F I F T E E N [Repost]

243 71 16
                                    

     MENCENGANGKAN rasanya bisa menghirup udara segar, merasakan desir angin, detak jantung dan darah yang menderu bersama dengan keringat, lebih mencengangkan lagi bahwa saat ini aku melompat dari satu dahan, ke dahan yang lain mengikuti Avgustin.
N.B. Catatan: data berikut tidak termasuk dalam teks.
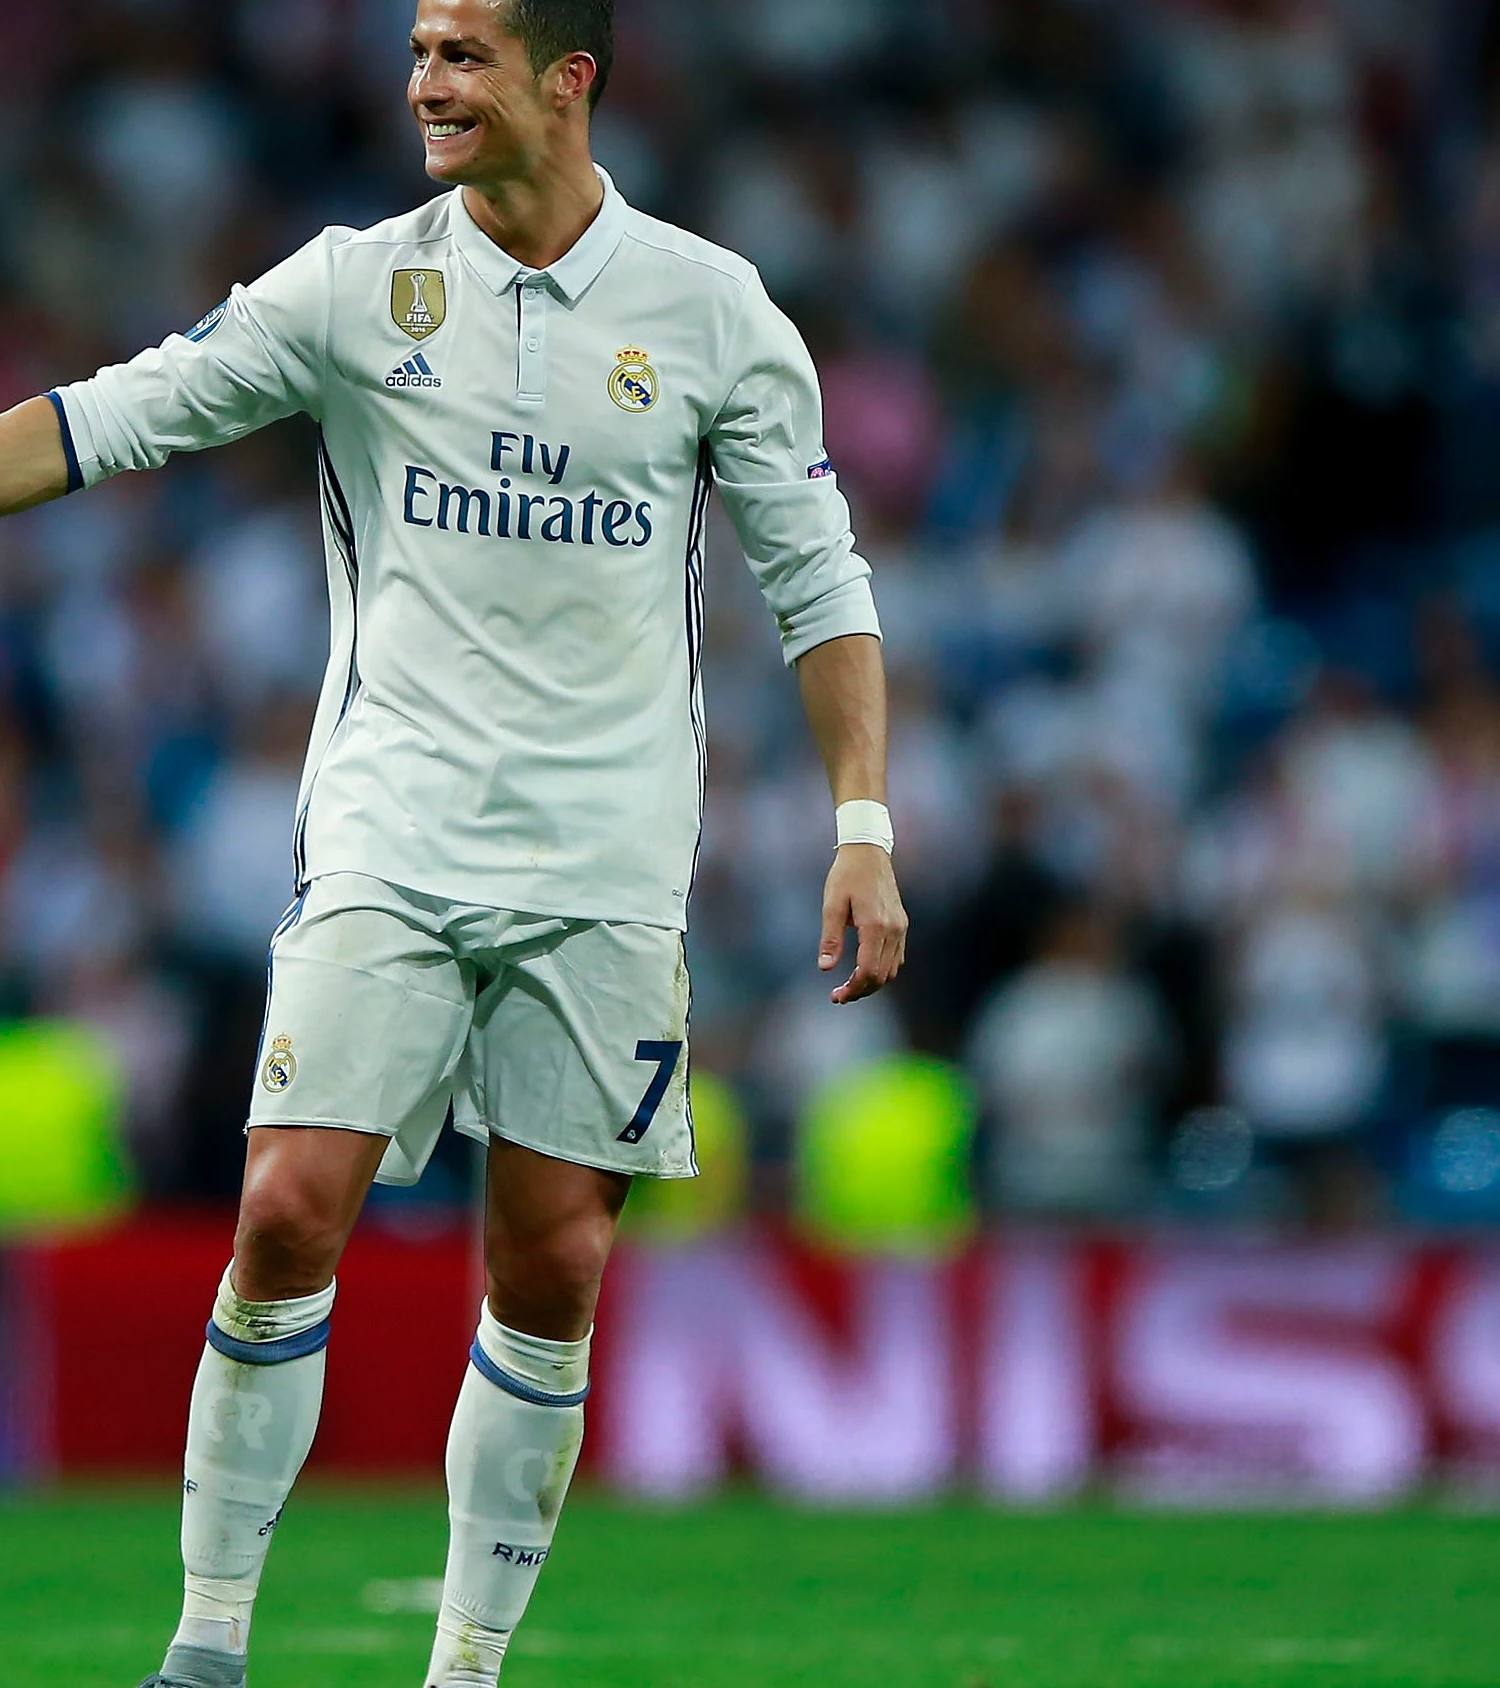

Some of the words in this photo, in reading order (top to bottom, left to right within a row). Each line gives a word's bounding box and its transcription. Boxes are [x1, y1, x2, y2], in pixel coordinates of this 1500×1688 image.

     Aku mereguk setiap menit kebebasan ini dengan sukacita. Merasakan dengan sepenuh hati bagian alas dari sepatuku yang berkerut--mencengkram, serta meregang untuk melepas sesuai dengan gerakan melompat dan mendarat.

     Aku pernah mengikuti pelatihan yang menggunakan teknik mirip seperti ini di Institut. Salah satu dari mata pelajaran wajib calon Elite Aviator. Namun rintangan yang digunakan saat itu bukanlah pohon-pohon sewarna merah delima raksasa yang menjulang tinggi. Akan tetapi gedung-gedung pencakar langit, menara pengawas, atau kalau sedang beruntung kami akan berkompetinsi untuk bisa mencapai puncak bianglala di kawasan hiburan Solo II, ditonton sekian banyak orang--terutama anak-anak yang dengan polosnya bersorak dan menjerit apabila ada salah satu dari kami hampir terjatuh karena saling singgung.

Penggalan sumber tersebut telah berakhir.